Peter nods, then looks toward the dark city skyline with narrowing eyes, probably imagining the reinforcements. "I'll stay behind. Slow the reinforcements. Buy you time."
"You sure?"
He claps my shoulder. "I've got better movement. If shit goes south, I can web out easily. You? You'd have to punch through a small army."
He grins. "Besides, I've seen how much you regretted not being able to save those teens. Go get them back."
I hesitate, then bump his fist. "Don't die."
He launches up with a thwip, fading into the shadows.
Now it's just me.
I push forward, heart thumping louder the deeper I go. Without company, the emotion comes back, nagging at me.
The floodlights are dimmer here, flickering in a broken rhythm. The crates are replaced by steel containers, each one locked, silent.
Until I find it.
Tucked away behind a stack of metal barrels is a container, doors slightly ajar.
I pull at the doors. They open without much resistance, with a slow creak.
Inside, there they are.
A dozen kids, probably between the ages of 13 to 18, huddled together asleep on a makeshift mattress. Pale, scared, but breathing. Two older ones with the recognizable dirty blonde hair. Philip and Howard Stacy.
Found them.
I step forward, hand already moving to my belt for a health potion in case any of them are wounded.

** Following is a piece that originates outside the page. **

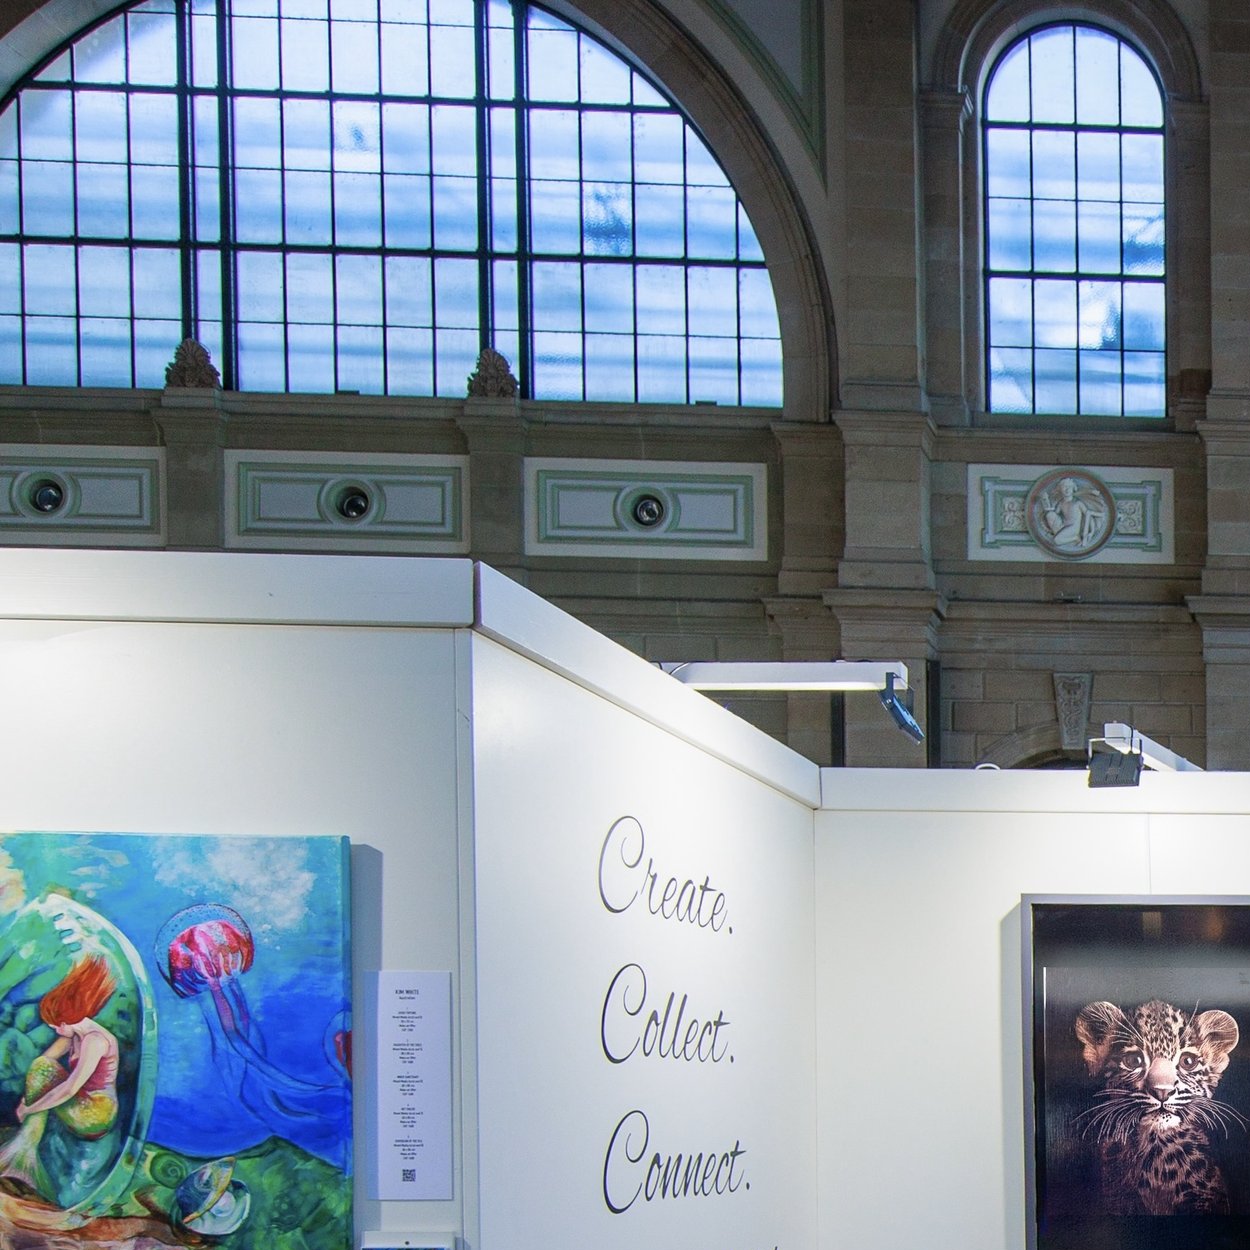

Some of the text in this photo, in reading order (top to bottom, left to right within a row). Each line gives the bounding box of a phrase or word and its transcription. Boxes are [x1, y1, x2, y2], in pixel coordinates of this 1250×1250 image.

[598, 815, 733, 935] Create.
[601, 963, 734, 1064] Collect.
[603, 1110, 750, 1215] Connect.

Then I hear it. No, I felt it. a woosh. I instinctively dodge to the left.
Thunk.
A dagger slams into the wall where my head used to be, grazing my cheek, somehow cutting through my thick hide. A drop of blood escapes and drops onto the floor.
The cold steel buried deep in the metal. Just inches off of hitting me.
I slowly turn.
From the shadows outside the container's mouth, a figure steps into view. Two things shine through the dark.
One, his manic grin.
Two, the shining white bullseye on his forehead.